Baking Soda, Charcoal, and Other Home Remedies
Plain baking soda has a Relative Dentin Abrasivity (RDA) score of just 7, well within the low-abrasive range (0 to 70). For context, anything above 150 is considered potentially harmful to enamel. Baking soda is gentle enough to use as a mild surface stain remover, and many commercial toothpastes already include it. It won’t whiten beyond removing surface deposits, but it’s unlikely to damage your teeth.
Activated charcoal is a different story. Despite its popularity on social media, there’s limited clinical evidence supporting its whitening effectiveness, and its abrasivity varies widely between products. Some charcoal toothpastes test well above the safe RDA range, which means regular use could wear down enamel over time. Worn enamel actually makes teeth look more yellow, since it exposes the darker layer underneath.

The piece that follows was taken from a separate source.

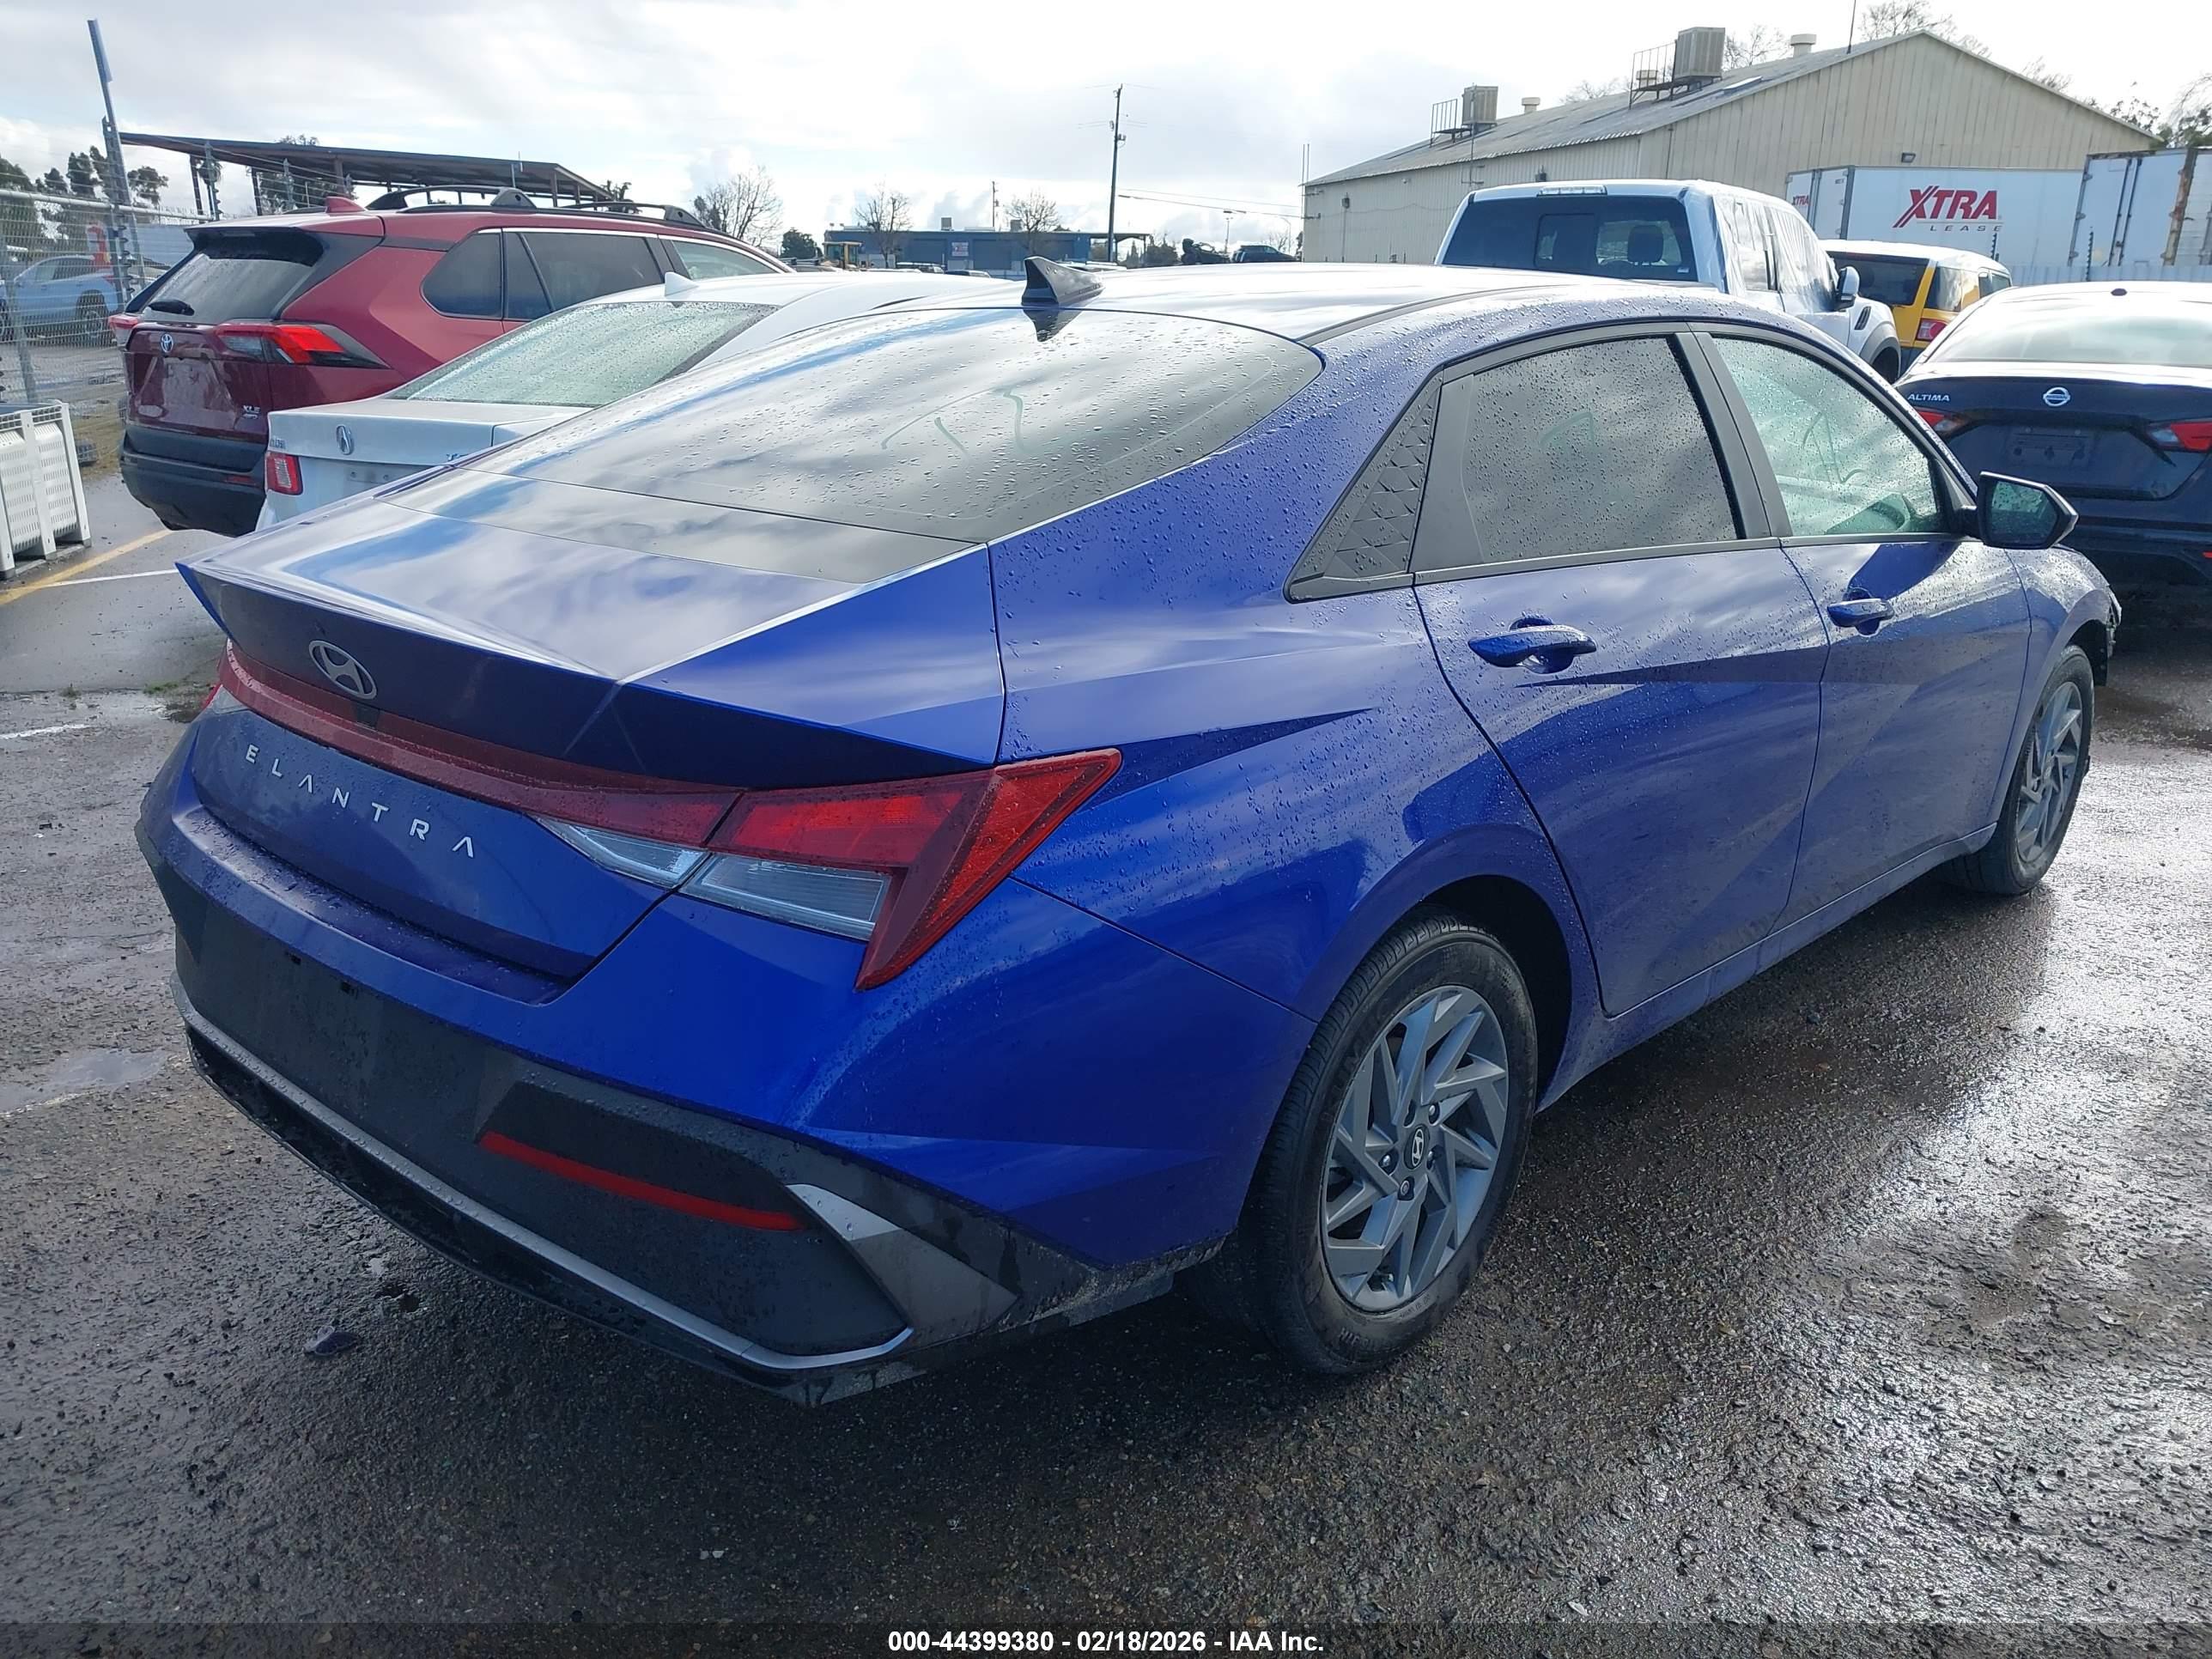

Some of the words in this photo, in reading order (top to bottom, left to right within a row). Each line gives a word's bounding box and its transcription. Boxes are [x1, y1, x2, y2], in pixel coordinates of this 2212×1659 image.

[1893, 185, 1997, 228] XTRA
[1907, 393, 1950, 402] ALTIMA
[246, 744, 474, 858] ELANTRA

Lemon juice, apple cider vinegar, and strawberry pastes are acidic enough to erode enamel. Any initial brightness you notice is likely enamel surface etching, which causes permanent damage with repeated use.
Protecting Your Results
After any whitening treatment, your teeth are temporarily more porous and susceptible to picking up new stains. For the first 48 hours, avoid the most common staining culprits: coffee, red wine, green and black tea, dark berries, red pasta sauces, soy sauce, curry, and dark sodas. After that window, you can return to your normal diet.
Long-term, the biggest factors in how long your results last are tobacco use, how much coffee or tea you drink, and whether you maintain regular brushing. A whitening toothpaste used as part of your daily routine can help slow the return of surface stains between treatments. Most people find they need a touch-up every six months to a year if they want to maintain a noticeably brighter shade.